WHAT TO DO → Write out the data below in full, unchanged, minus the images.

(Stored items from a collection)
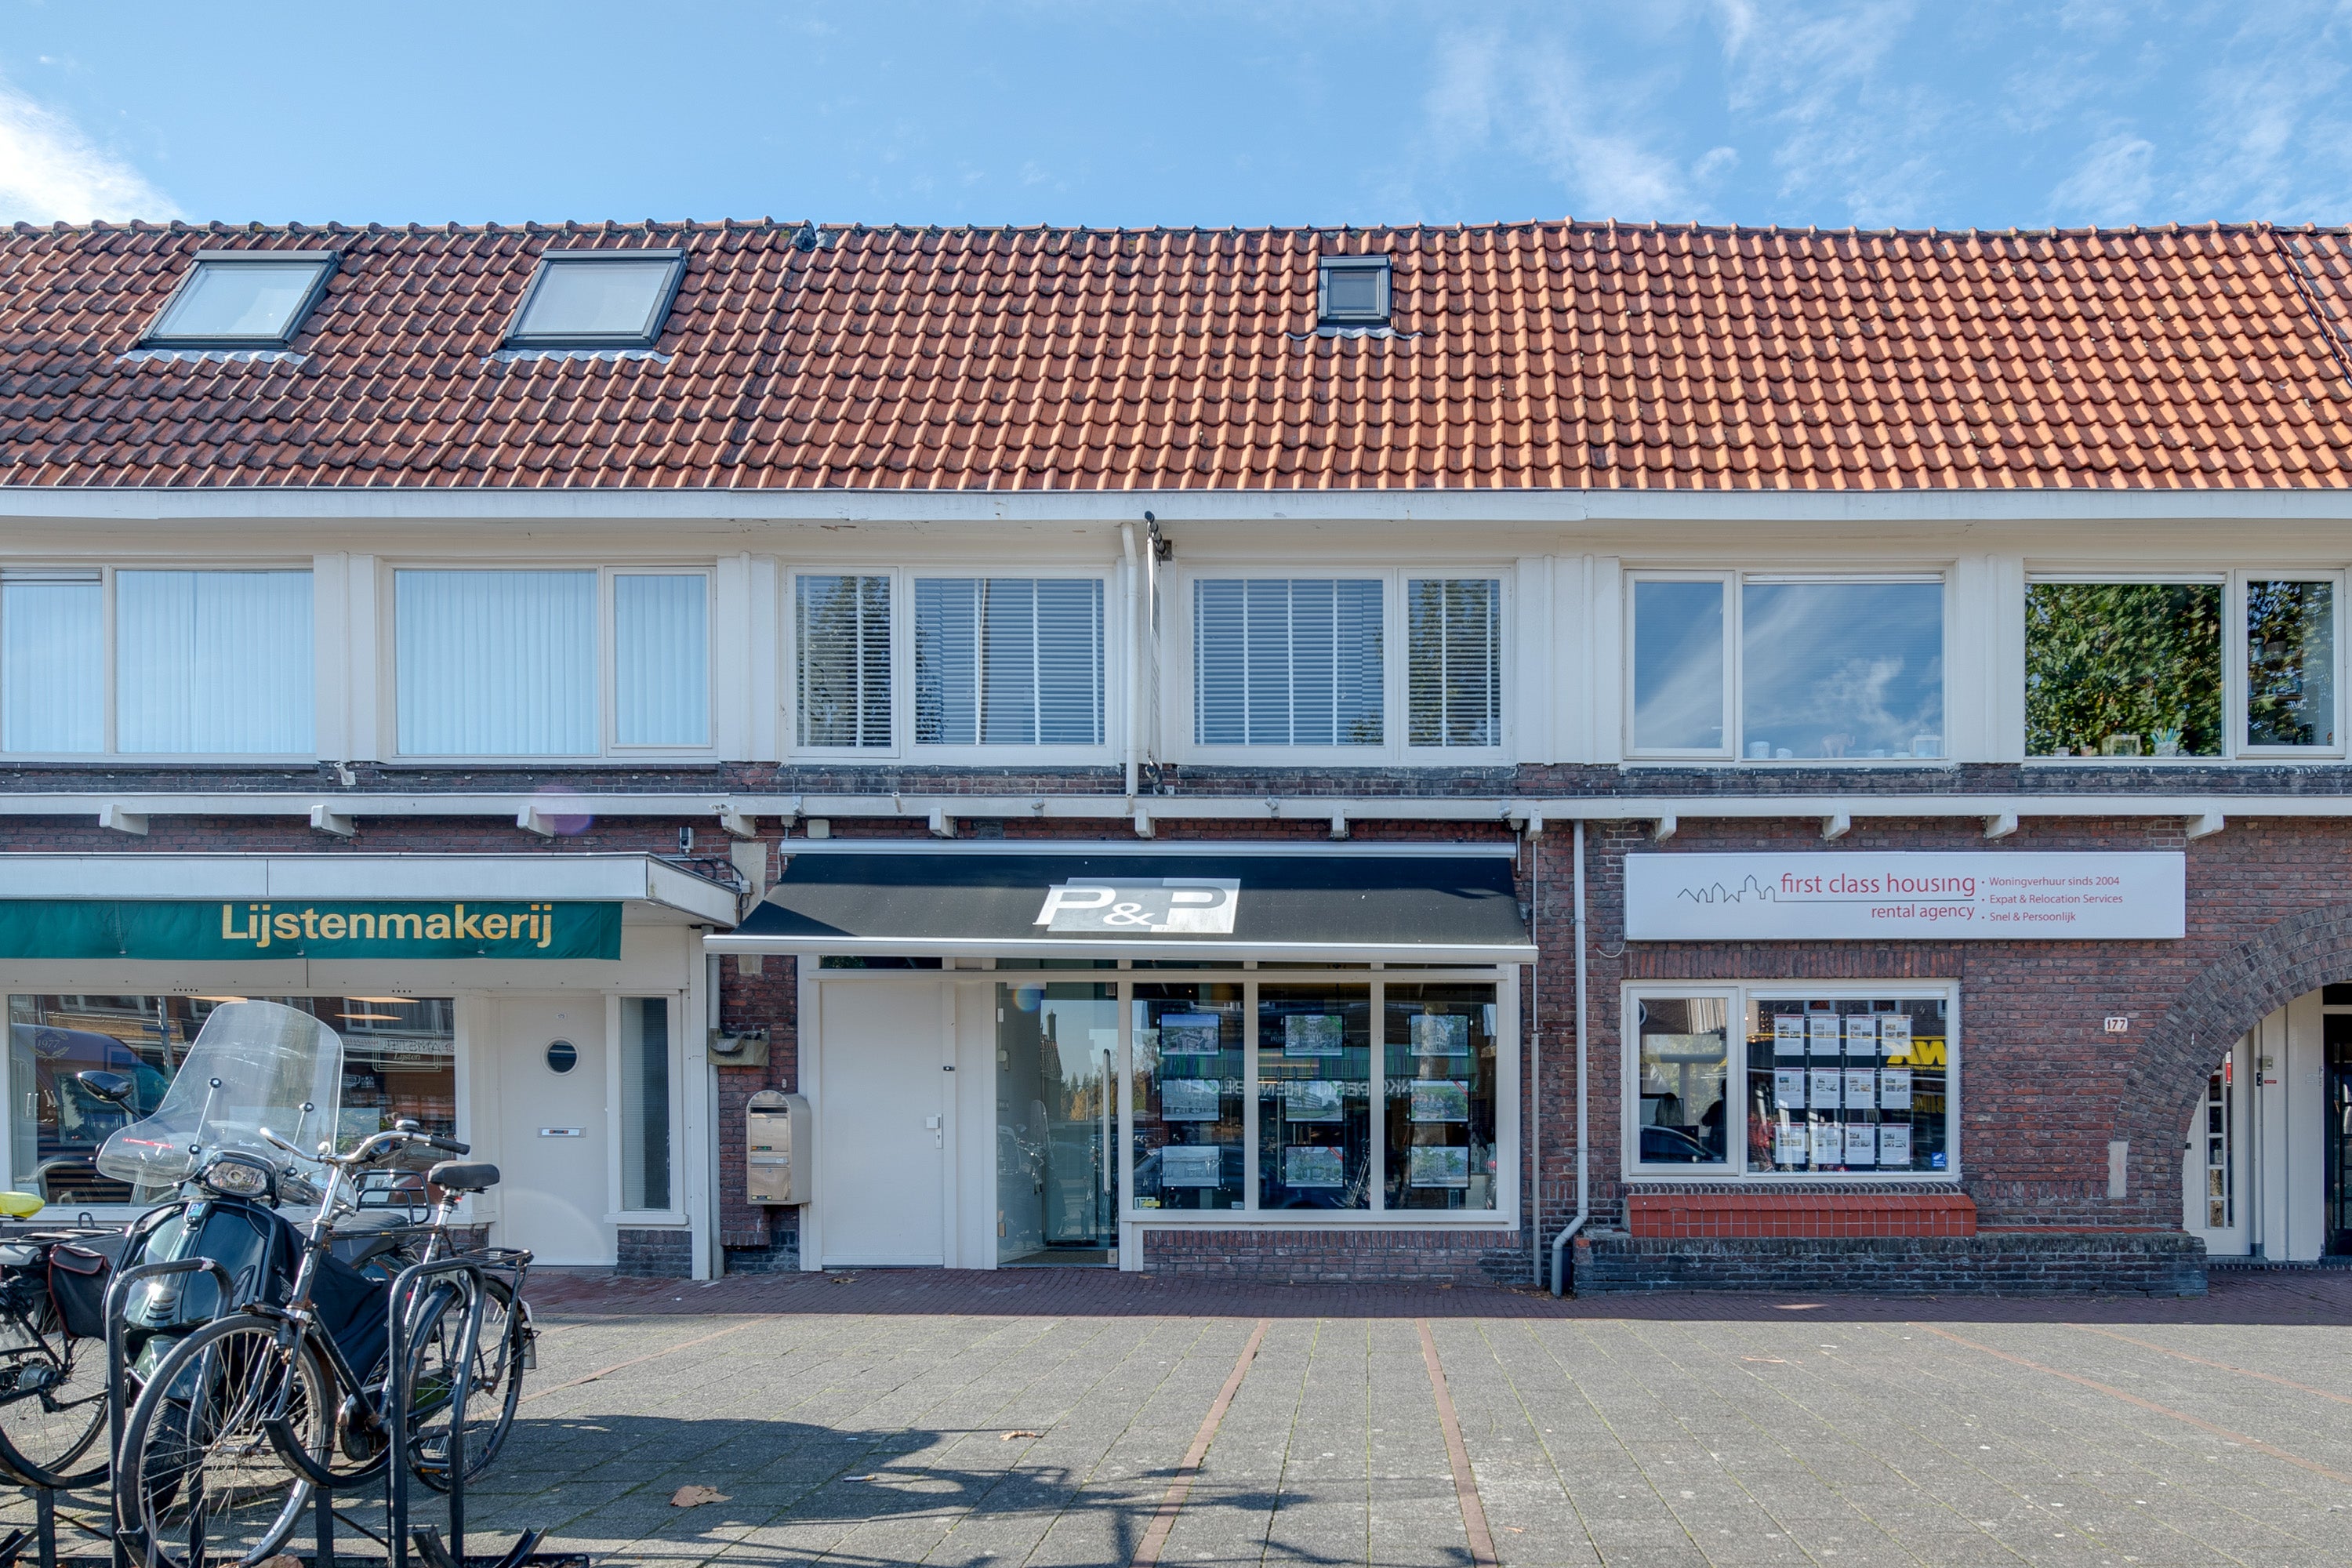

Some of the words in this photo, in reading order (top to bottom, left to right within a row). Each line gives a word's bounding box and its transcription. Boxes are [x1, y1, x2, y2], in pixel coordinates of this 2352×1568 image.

[1780, 873, 1823, 893] first
[1828, 873, 1880, 893] class
[1886, 873, 1976, 897] housing
[1989, 877, 2066, 888] Woningverhuur
[2068, 877, 2093, 886] sinds
[2096, 877, 2120, 886] 2004
[1032, 884, 1228, 927] P&P
[1989, 894, 2017, 906] Expat
[2020, 894, 2027, 903] &
[2029, 894, 2081, 903] Relocation
[2083, 894, 2123, 903] Services
[1871, 903, 1915, 918] rental
[1919, 906, 1975, 921] agency
[1989, 912, 2011, 921] Snel
[2013, 912, 2020, 921] &
[2023, 912, 2076, 923] Persoonlijk
[222, 903, 553, 949] Lijstenmakerij
[2107, 1019, 2126, 1029] 177
[37, 1039, 60, 1049] 1977
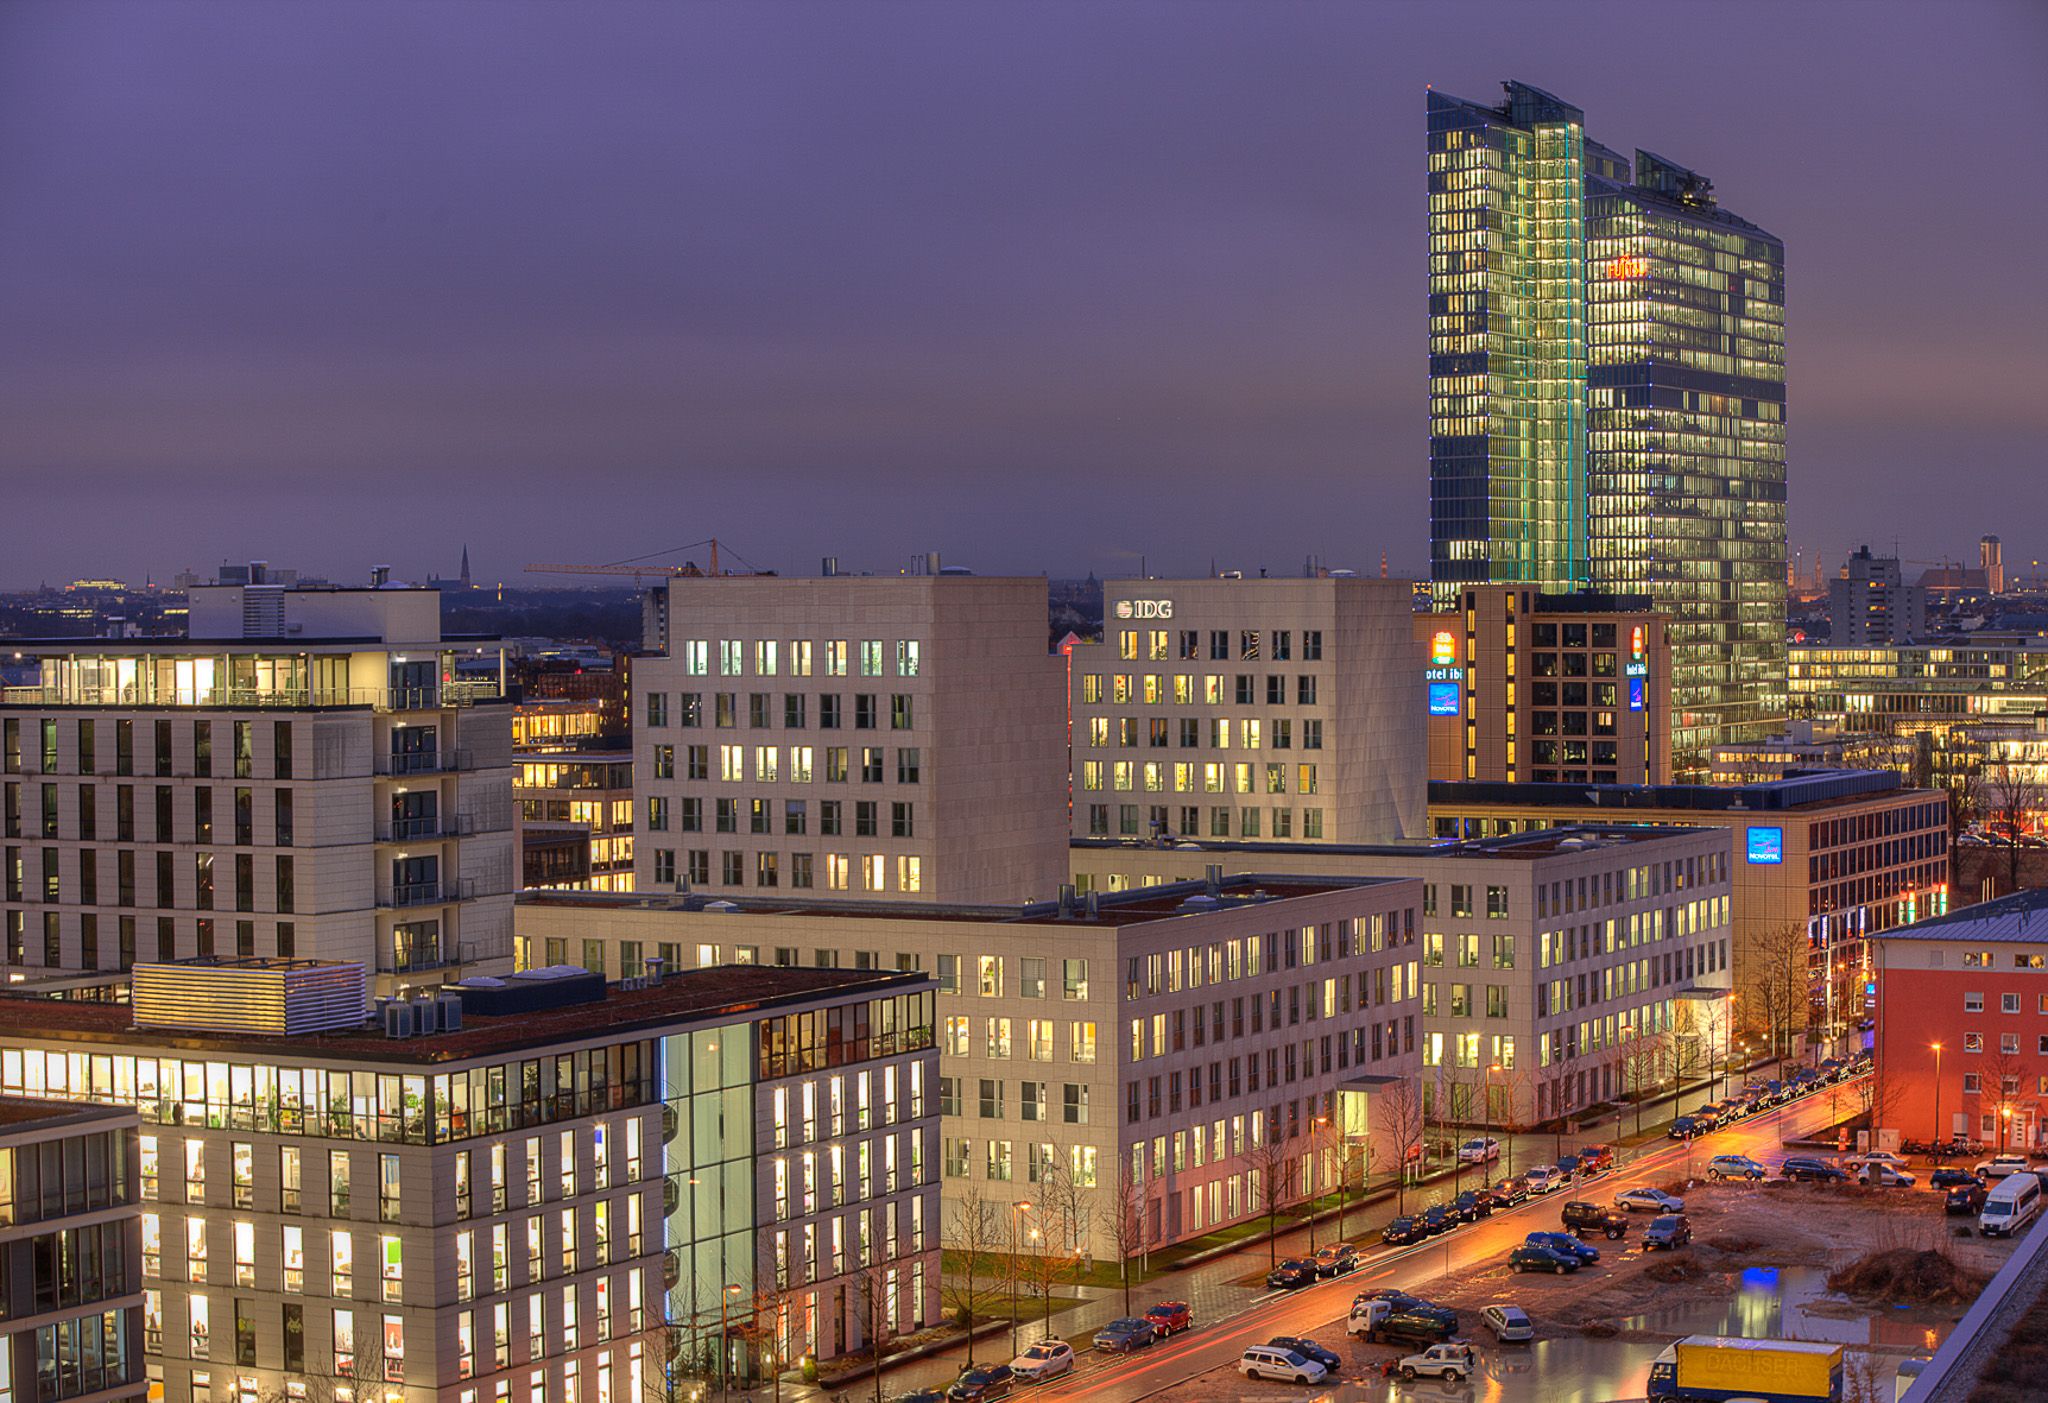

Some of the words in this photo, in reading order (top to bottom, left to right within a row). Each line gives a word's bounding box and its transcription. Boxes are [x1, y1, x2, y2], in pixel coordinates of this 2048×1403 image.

[1135, 600, 1172, 618] IDG
[1426, 668, 1446, 680] otel
[1450, 668, 1463, 680] ibi
[1707, 1354, 1800, 1376] DACHSER

WRITTEN ANSWER →
Some of the words in this photo, in reading order (top to bottom, left to right within a row). Each line gives a word's bounding box and its transcription. Boxes are [x1, y1, x2, y2], in pixel coordinates of this 2352×1568 image.

[1780, 873, 1823, 893] first
[1828, 873, 1880, 893] class
[1886, 873, 1976, 897] housing
[1989, 877, 2066, 888] Woningverhuur
[2068, 877, 2093, 886] sinds
[2096, 877, 2120, 886] 2004
[1032, 884, 1228, 927] P&P
[1989, 894, 2017, 906] Expat
[2020, 894, 2027, 903] &
[2029, 894, 2081, 903] Relocation
[2083, 894, 2123, 903] Services
[1871, 903, 1915, 918] rental
[1919, 906, 1975, 921] agency
[1989, 912, 2011, 921] Snel
[2013, 912, 2020, 921] &
[2023, 912, 2076, 923] Persoonlijk
[222, 903, 553, 949] Lijstenmakerij
[2107, 1019, 2126, 1029] 177
[37, 1039, 60, 1049] 1977

Some of the words in this photo, in reading order (top to bottom, left to right within a row). Each line gives a word's bounding box and its transcription. Boxes are [x1, y1, x2, y2], in pixel coordinates of this 2048×1403 image.

[1135, 600, 1172, 618] IDG
[1426, 668, 1446, 680] otel
[1450, 668, 1463, 680] ibi
[1707, 1354, 1800, 1376] DACHSER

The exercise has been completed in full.